Is it not possible to create a non-repudiable archive of what a website served, when, entirely locally i.e. not relying on some third party site who might disappear or turn out to be unreliable?

Could you not in theory record the whole TLS transaction? Can it not be replayed later and re-verified?

Up until an old certificate leaks or is broken and you can fake anything "from back when it was valid", I guess.

discuss

order

arboles|8 days ago

I don't know, but archive sites could at least publish hashes of the content at archive time. This could be used to prove an archive wasn't tampered with later. I'm pretty underwhelmed by the Wayback Machine (archive.org), it's no better technically than archive.today.

armchairhacker|8 days ago

How do you ensure the tampered content isn’t re-hashed? Usually if you’re saving the hash in advance, you can save the whole archived page. Otherwise, you can use a regular archive service then hash the archived page yourself.

The only way I know to ensure an archive isn’t tampered is to re-archive it.
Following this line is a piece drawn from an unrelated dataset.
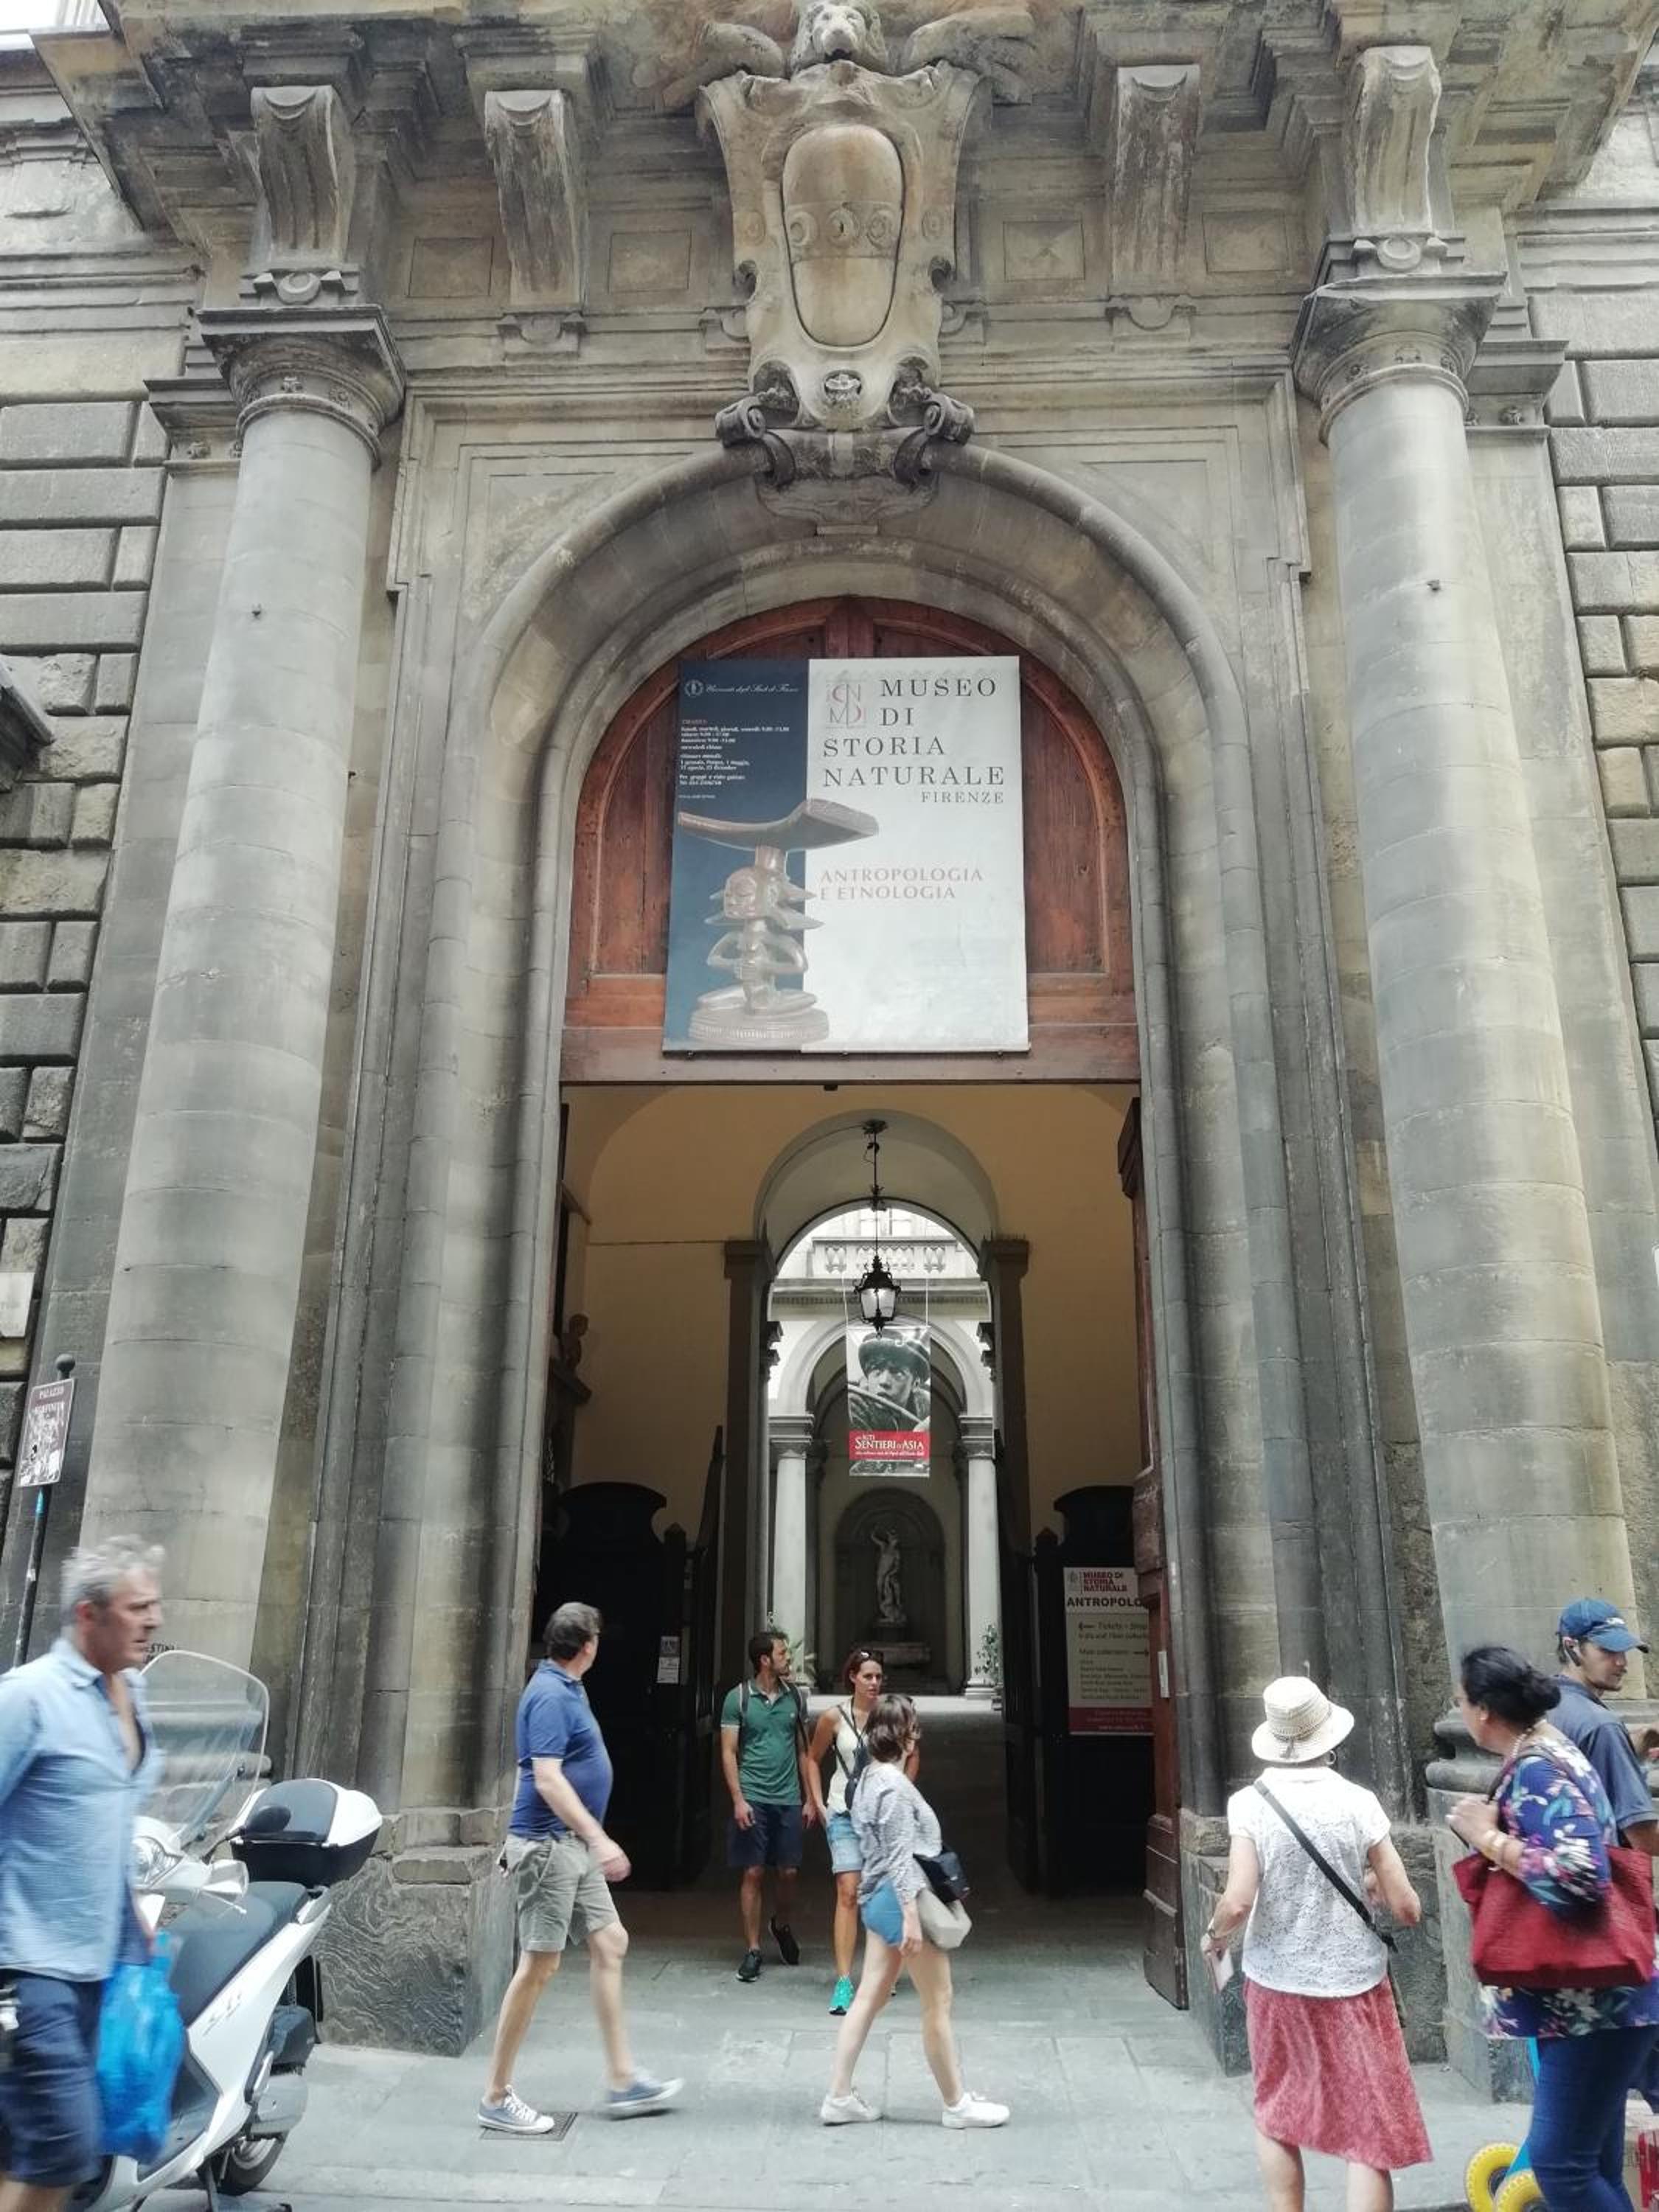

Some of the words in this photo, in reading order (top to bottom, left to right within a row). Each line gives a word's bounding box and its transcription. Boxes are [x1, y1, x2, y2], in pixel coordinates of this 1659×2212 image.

If you sent a site to archive.today, archive.org, megalodon.jp, and ghostarchive.org, it’s unlikely that all will be tampered in the same way.

justincormack|8 days ago

Unfortunately you can't usefully replay TLS and be able to validate it, so no that does not work. Best strategy would probably be a public transparency log, but websites are pretty variable and dynamic so this would be unlikely to work for many.

octoberfranklin|8 days ago

Actually you can! After all, TLS lacks the deniability features of more advanced cryptosystems (like OTR or Signal).

The technology for doing this is called a Zero Knowledge Proof TLS Oracle:

https://eprint.iacr.org/2024/447.pdf

https://tlsnotary.org

The 10k-foot view is that you pick the random numbers involved in the TLS handshake in a deterministic way, much like how zk proofs use the Fiat-Shamir transform. In other words, instead of using true randomness, you use some hash of the transcript of the handshake so far (sort of). Since TLS doesn't do client authentication the DH exchange involves randomness from the client.

For all the blockchain haters out there: cryptocurrency is the reason this technology exists. Be thankful.